For asking this question, Professor Dini was accused of engaging in overt religious discrimination. As a result, a legal complaint was filed against Dini by the Liberty Legal Institute. Supporters of the complaint feared that consequences of the widespread adoption of Dinis requirement would include a virtual ban of Christians from the practice of medicine and other related fields.
In an effort to defend his criteria for recommendation, Dini claimed that medicine was first rooted in the practice of magic. Dini said that religion then became the basis of medicine until it was replaced by science. After positing biology as the science most important to the study of medicine, he also posited evolution as the "central, unifying principle of biology" which includes both micro- and macro-evolution, which applies to all species.
In addition to claiming that someone who rejects the most important theory in biology cannot properly practice medicine, Dini suggested that physicians who ignore or neglect Darwinism are prone to making bad clinical decisions. He cautioned that a physician who ignores data concerning the scientific origins of the species cannot expect to remain a physician for long. He then rhetorically asked the following question: "If modern medicine is based on the method of science, then how can someone who denies the theory of evolution -- the very pinnacle of modern biological science -- ask to be recommended into a scientific profession by a professional scientist?"
In an apparent preemptive strike against those who would expose the weaknesses of macro-evolution, Dini claimed that "one can validly refer to the fact of human evolution, even if all of the details are not yet known." Finally, he cautioned that a good scientist "would never throw out data that do not conform to their expectations or beliefs."
The legal aspect of this controversy ended this week with Dini finally deciding to change his recommendation requirements. But that does not mean it is time for Christians to declare victory and move on. In fact, Christians should be demanding that Dinis question be asked more often in the court of public opinion.

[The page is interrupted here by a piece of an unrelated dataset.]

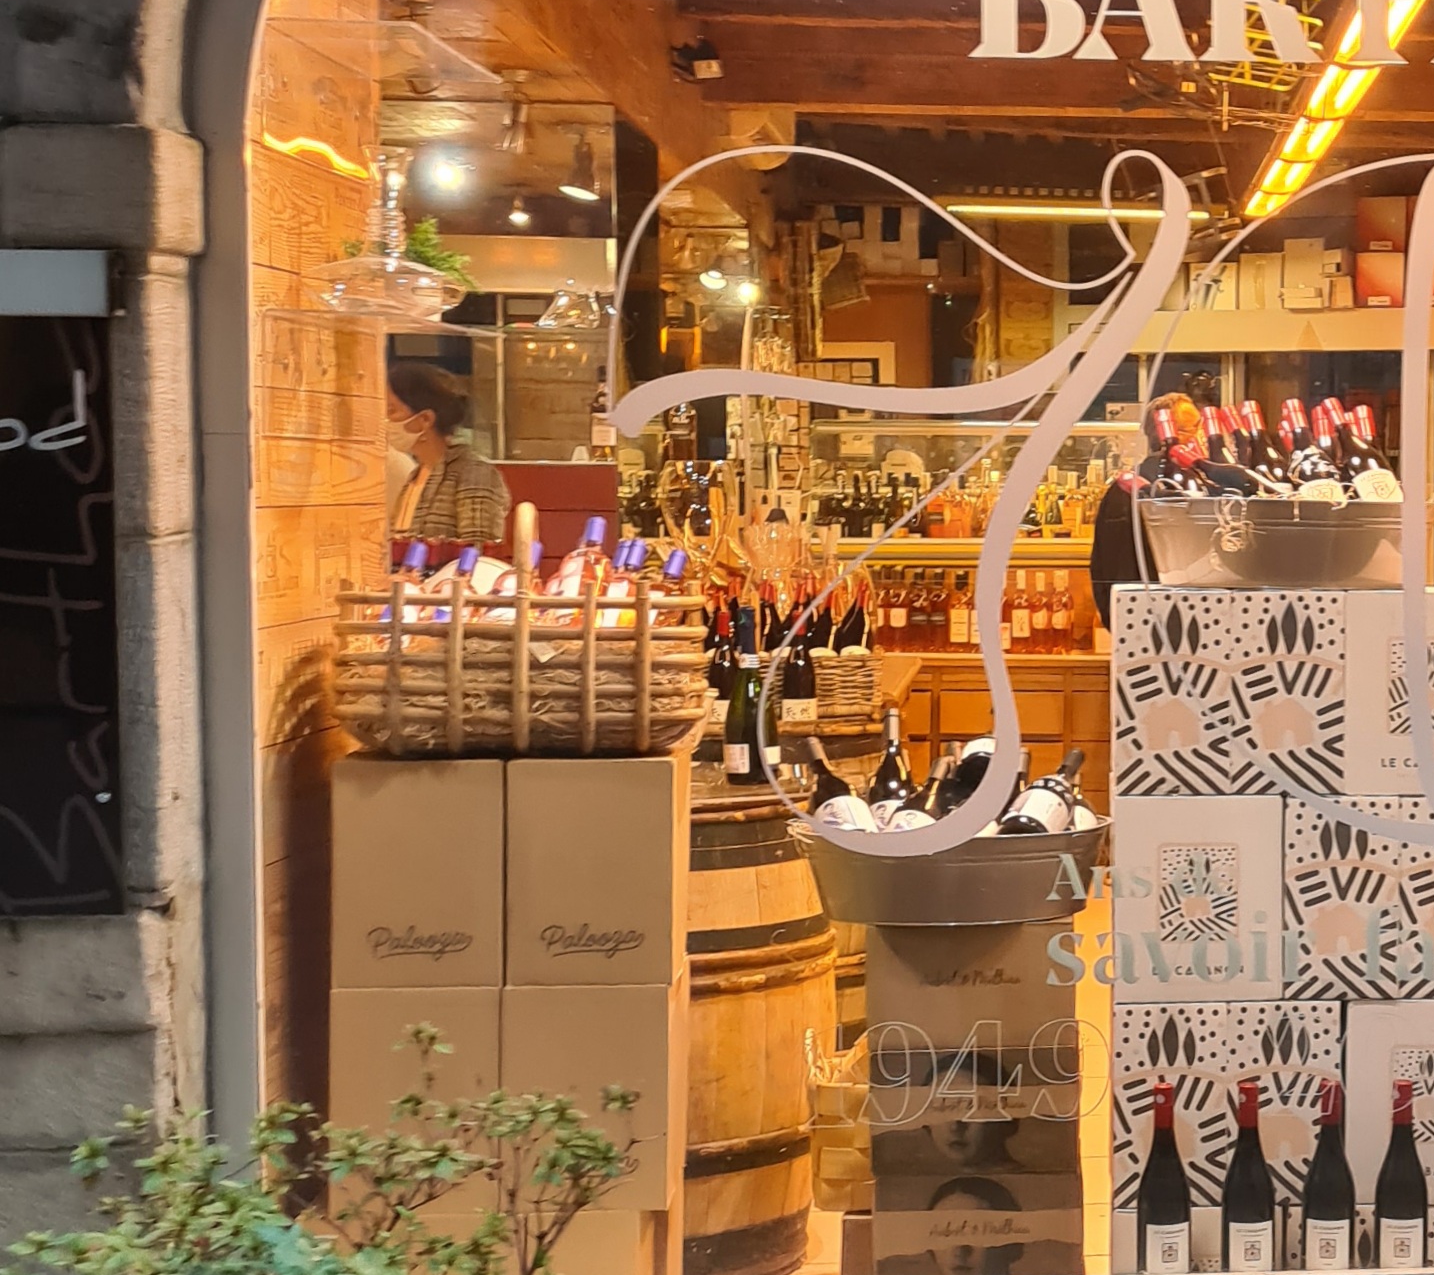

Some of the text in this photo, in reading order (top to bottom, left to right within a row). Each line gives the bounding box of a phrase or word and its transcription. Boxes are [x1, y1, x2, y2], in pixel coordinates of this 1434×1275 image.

If it is, the scientific community will eventually be indicted for its persistent failure to address this very question in scientific terms.
Christians reading this article are already familiar with the creation stories found in the initial chapters of Genesis and the Gospel of John. But the story proffered by evolutionists to explain the origin of the species receives too little attention and scrutiny. In his two most recent books on evolution, Phillip Johnson gives an account of evolutionists story of the origin of the human species which is similar to the one below:In the beginning there was the unholy trinity of the particles, the unthinking and unfeeling laws of physics, and chance. Together they accidentally made the amino acids which later began to live and to breathe. Then the living, breathing entities began to imagine. And they imagined God. But then they discovered science and then science produced Darwin. Later Darwin discovered evolution and the scientists discarded God.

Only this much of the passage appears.